Everyone had their own best doggo pal, whether you lived-in the country or the city. Those four legged besties who ran with us through thick and thin.
Tsar Nicholas II stopping for a photo with his eldest daughter Olga while walking through the Nikitsky Botanical Gardens for their hundredth anniversary, 1912
This photo of Nicholas II isn’t just fascinating because we get a chance to see him with one of his four daughters - a photographic rarity - it’s also intriguing because he’s walking through the oldest botanical garden in Europe.
Located in Crimea, it was founded in 1812 and named after the settlement Nikita by Russian botanist Christian Steven. The gardens have been expanded over the years, and by 1912 it was home to 11 square kilometres and 50,000 species of plants, trees, saplings, and seeds.
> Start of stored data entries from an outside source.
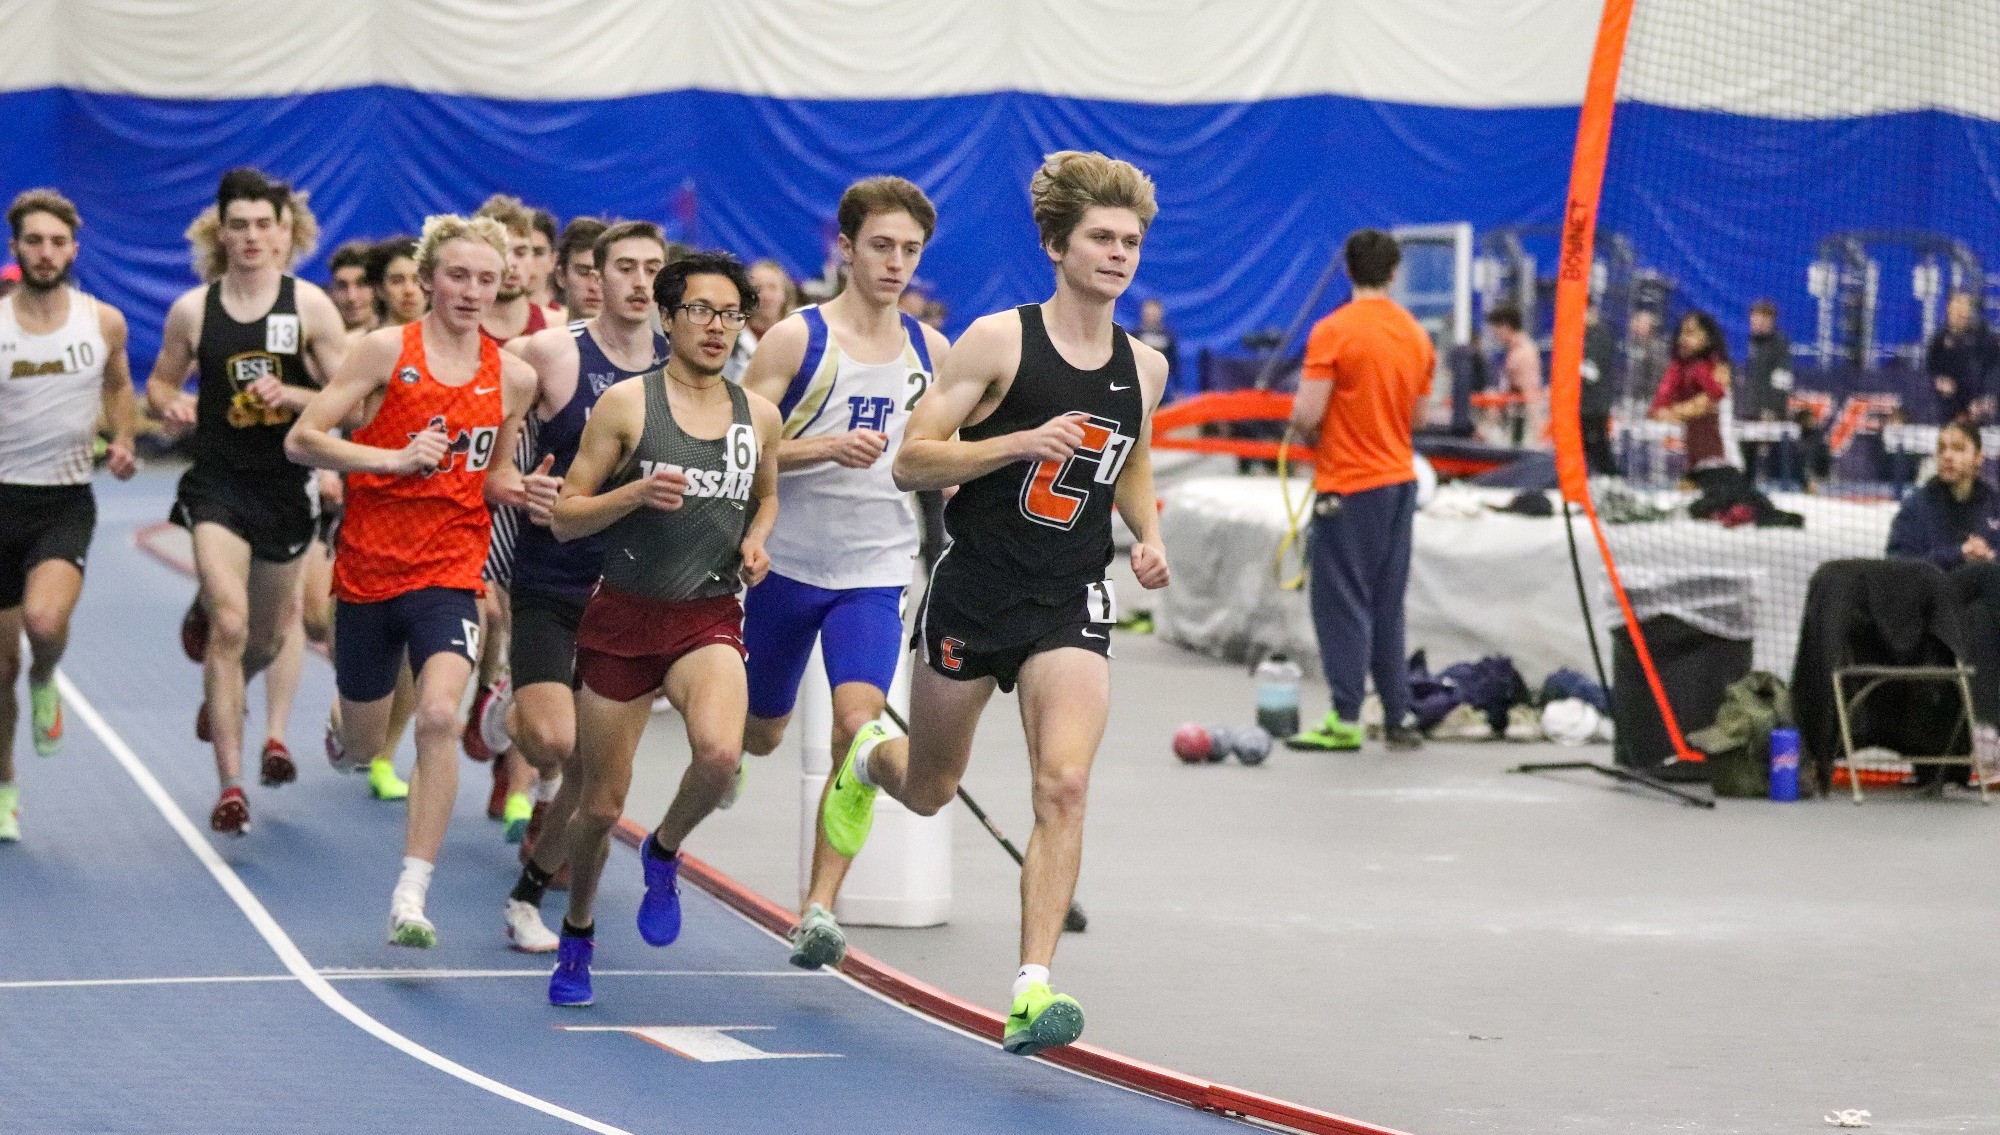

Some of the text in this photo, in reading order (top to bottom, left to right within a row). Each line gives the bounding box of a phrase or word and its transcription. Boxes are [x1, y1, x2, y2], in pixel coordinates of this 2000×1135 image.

[271, 324, 294, 348] 13
[67, 342, 94, 374] 10
[904, 372, 927, 412] 2
[848, 396, 894, 453] H
[473, 430, 493, 467] 9
[734, 426, 751, 470] 6
[1104, 439, 1127, 481] 1
[640, 460, 753, 501] VSSAR
[1092, 582, 1111, 620] 1
Today it plays hosts to tourists from all over the world, but none of them are as elegant as the Romanov family.
American soldiers gazing at the Eiffel Tower with French flag restored after liberating Paris, Aug 1944
The liberation of Paris came after city of lights was nearly destroyed by the Nazis following an order by Hitler to demolish all of its landmarks and leave a smoldering crater in the ground.
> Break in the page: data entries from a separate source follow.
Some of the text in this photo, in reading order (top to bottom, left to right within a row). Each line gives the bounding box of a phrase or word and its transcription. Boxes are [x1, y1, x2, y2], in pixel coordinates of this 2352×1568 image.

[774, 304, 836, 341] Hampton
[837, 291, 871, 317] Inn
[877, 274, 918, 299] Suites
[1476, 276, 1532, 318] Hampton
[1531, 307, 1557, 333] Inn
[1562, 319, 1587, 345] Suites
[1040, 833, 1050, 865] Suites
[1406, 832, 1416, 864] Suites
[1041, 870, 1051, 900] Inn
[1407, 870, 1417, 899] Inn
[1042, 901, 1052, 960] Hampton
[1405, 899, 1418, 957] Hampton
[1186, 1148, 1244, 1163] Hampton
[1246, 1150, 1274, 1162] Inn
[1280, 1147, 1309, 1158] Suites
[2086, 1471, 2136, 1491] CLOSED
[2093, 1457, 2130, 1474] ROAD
Nazis occupied Paris for four years, and throughout that time the entire city was basically shut down as the area was held in the iron grasp of the German military. However, when the 2nd Armored Division made its way into Paris in the summer of 1944 it was pretty much game over.
While the German military put up a strong fight on August 22, by the morning of the 24th the Allied forces crossed the Seine and reached the Hótel de Ville in the heart of Paris - by then the German military had all but melted away.
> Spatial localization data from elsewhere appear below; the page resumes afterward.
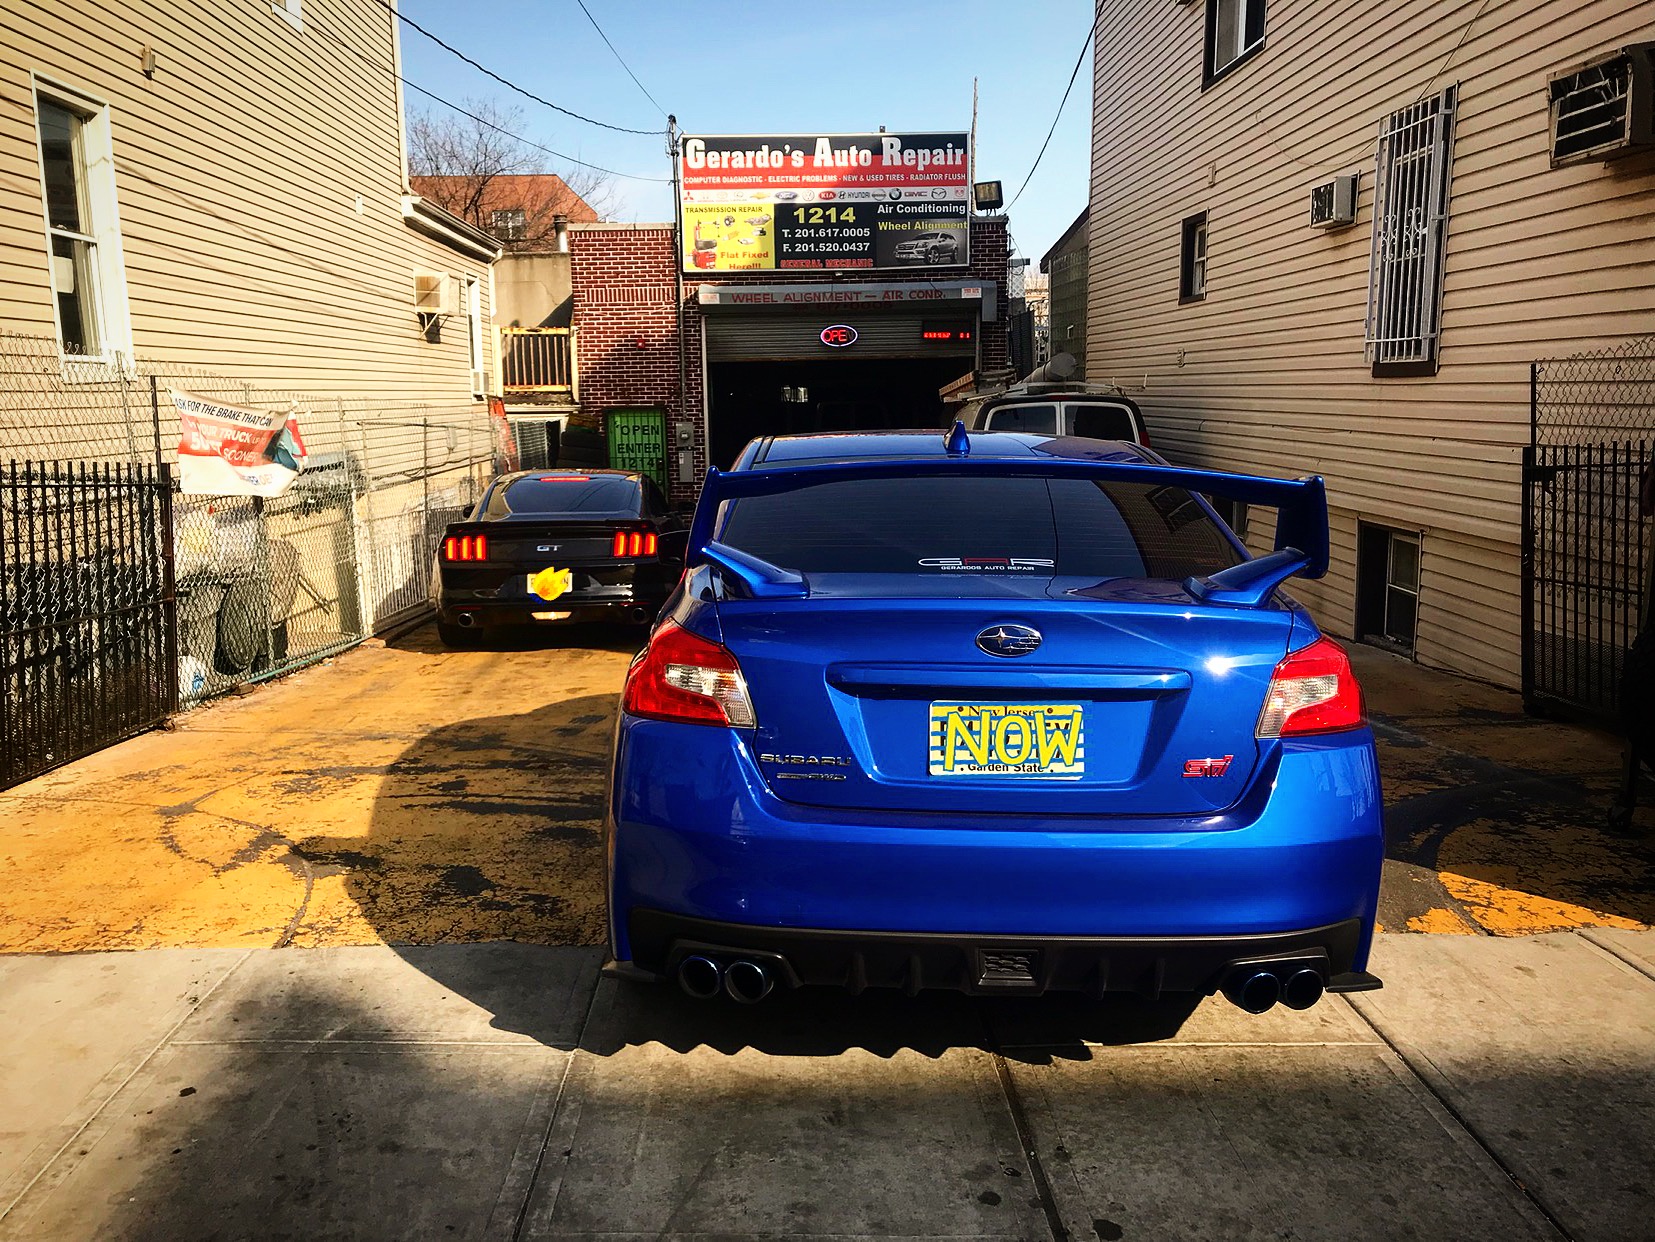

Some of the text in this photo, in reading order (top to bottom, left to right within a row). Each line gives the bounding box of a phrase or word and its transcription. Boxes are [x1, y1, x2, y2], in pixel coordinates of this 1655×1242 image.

[686, 137, 964, 171] Gerardo's Auto Repair
[768, 175, 801, 183] ELECTRIC
[802, 174, 838, 182] PROBLEMS
[877, 203, 966, 214] Air Conditioning
[793, 207, 856, 224] 1214
[878, 220, 968, 231] Wheel Alignment
[782, 228, 871, 238] T. 201.617.0005
[783, 242, 871, 252] F. 201.520.0437
[720, 251, 769, 259] Flat Fixed
[731, 293, 779, 303] WHEEL
[783, 291, 863, 302] ALIGNMENT
[882, 290, 904, 300] AIR
[908, 289, 947, 300] COND.
[187, 400, 201, 412] FOR
[201, 403, 218, 416] THE
[216, 407, 242, 421] BRAKE
[240, 413, 261, 426] THAT
[219, 427, 252, 443] TRUCK
[620, 424, 660, 436] OPEN
[617, 443, 661, 454] ENTER
[622, 458, 655, 468] 1214
[537, 544, 563, 552] GT
[760, 753, 852, 766] SUBARU
[968, 763, 1044, 773] Garden State
Soldier in a trench at the Battle of the Somme, 1916
World War I is famous for trench warfare, one of the most dangerous and harrowing forms of battle thats’ ever existed. The Battle of the Somme raged from July to November 1916, an incredibly long time for a non-stop street fight between the British and the Germans.
As one of the nastiest and most expensive battles of World War I, it saw British forces suffering more than 57,000 casualties, 19,000 of those soldiers passing away on the first day of the fight.
No one got out of this battle unscathed, and by the time the last bullet was fired almost one million soldiers on both sides of the battle breathed their final breath and almost three million soldiers had taken part in the fight.
A Young Cotton Picker In The American South Photographed By Lewis W Hine, Circa 1910
In the early days of the 20th century families had to pull together and do whatever they could to take care of their crops, and one of the most important crops in the United States was cotton - not only was it in clothing, but cotton can be found in the clothing and automotive industries.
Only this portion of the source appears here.